The commit_freshness struct contains the following:

Item name Data type Description Example data
status string Status of commit freshness check. Unhealthy
error_code string Error message encountered during check. FAILED_TO_FIT_MODEL
last_value timestamp Last commit timestamp. 2025-06-27T11:30:00
predicted_value timestamp Predicted time by which the table should have been updated. 2025-06-27T11:45:00

total_row_count and daily_row_count array structure

The total_row_count and daily_row_count structs contain the following:

Item name Data type Description Example data
status string Status of the check. Unhealthy
error_code string Error message encountered during check. FAILED_TO_FIT_MODEL
last_value int Number of rows observed in the last 24 hours. 500
min_predicted_value int Minimum expected number of rows in the last 24 hours. 10
max_predicted_value int Maximum expected number of rows in the last 24 hours. 1000

upstream_jobs array structure

The structure of the array shown in the upstream_jobs column is shown in the following table:

Item name Data type Description Example data
job_id string Job ID. 12345
workspace_id string Workspace ID. 6051921418418893
job_name string Job display name. daily_refresh
last_run_status string Status of the most recent run.

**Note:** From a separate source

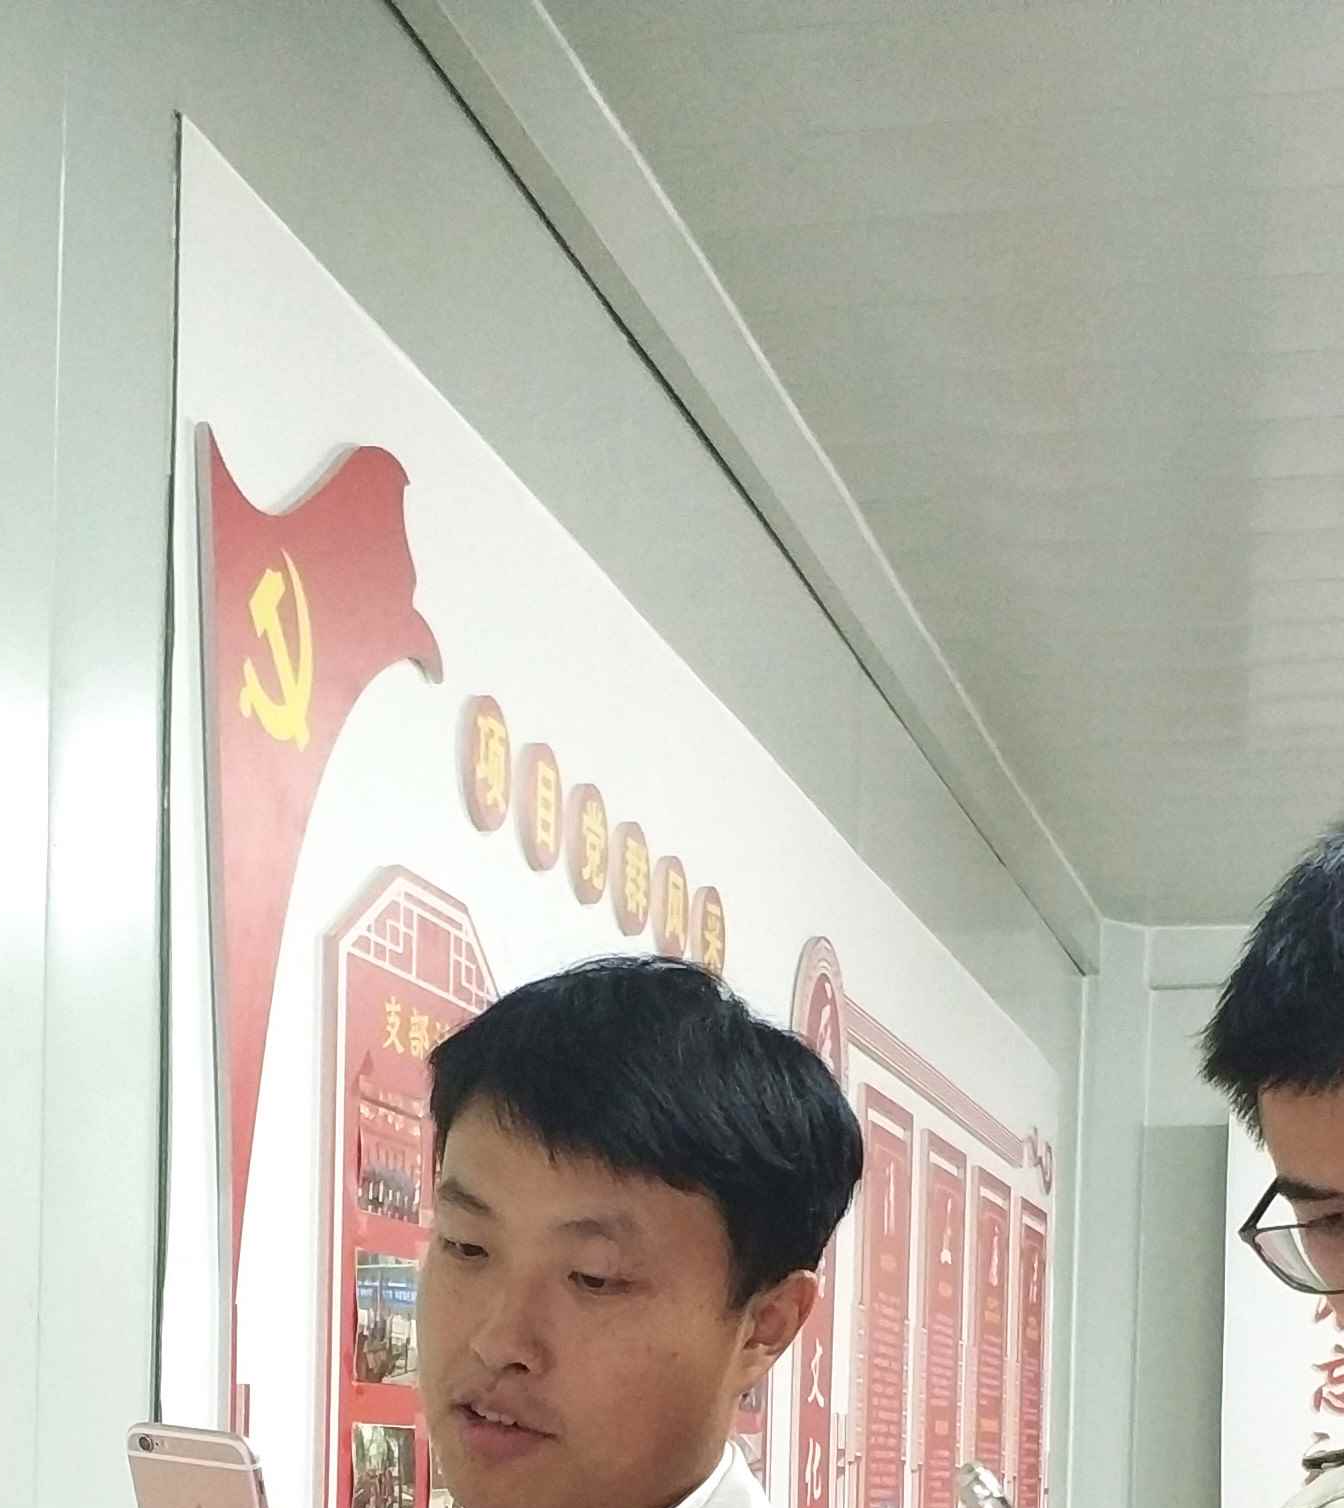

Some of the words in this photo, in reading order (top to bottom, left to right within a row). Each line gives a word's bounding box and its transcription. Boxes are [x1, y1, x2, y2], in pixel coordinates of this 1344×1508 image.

[475, 714, 724, 973] 项目党群风采
[382, 996, 449, 1060] 支部

SUCCESS
run_page_url string URL of Databricks job run page. https://<workspace_url>/runs/123

Downstream impact information

In the logged results table, the column downstream_impact is a struct with the following fields:

Field Type Description
impact_level int Integer value between 1 and 4 indicating the severity of the data quality issue. Higher values indicate greater disruption.
num_downstream_tables int Number of downstream tables that might be affected by the identified issue.
num_queries_on_affected_tables int Total number of queries that have referenced the affected and downstream tables in the past 30 days.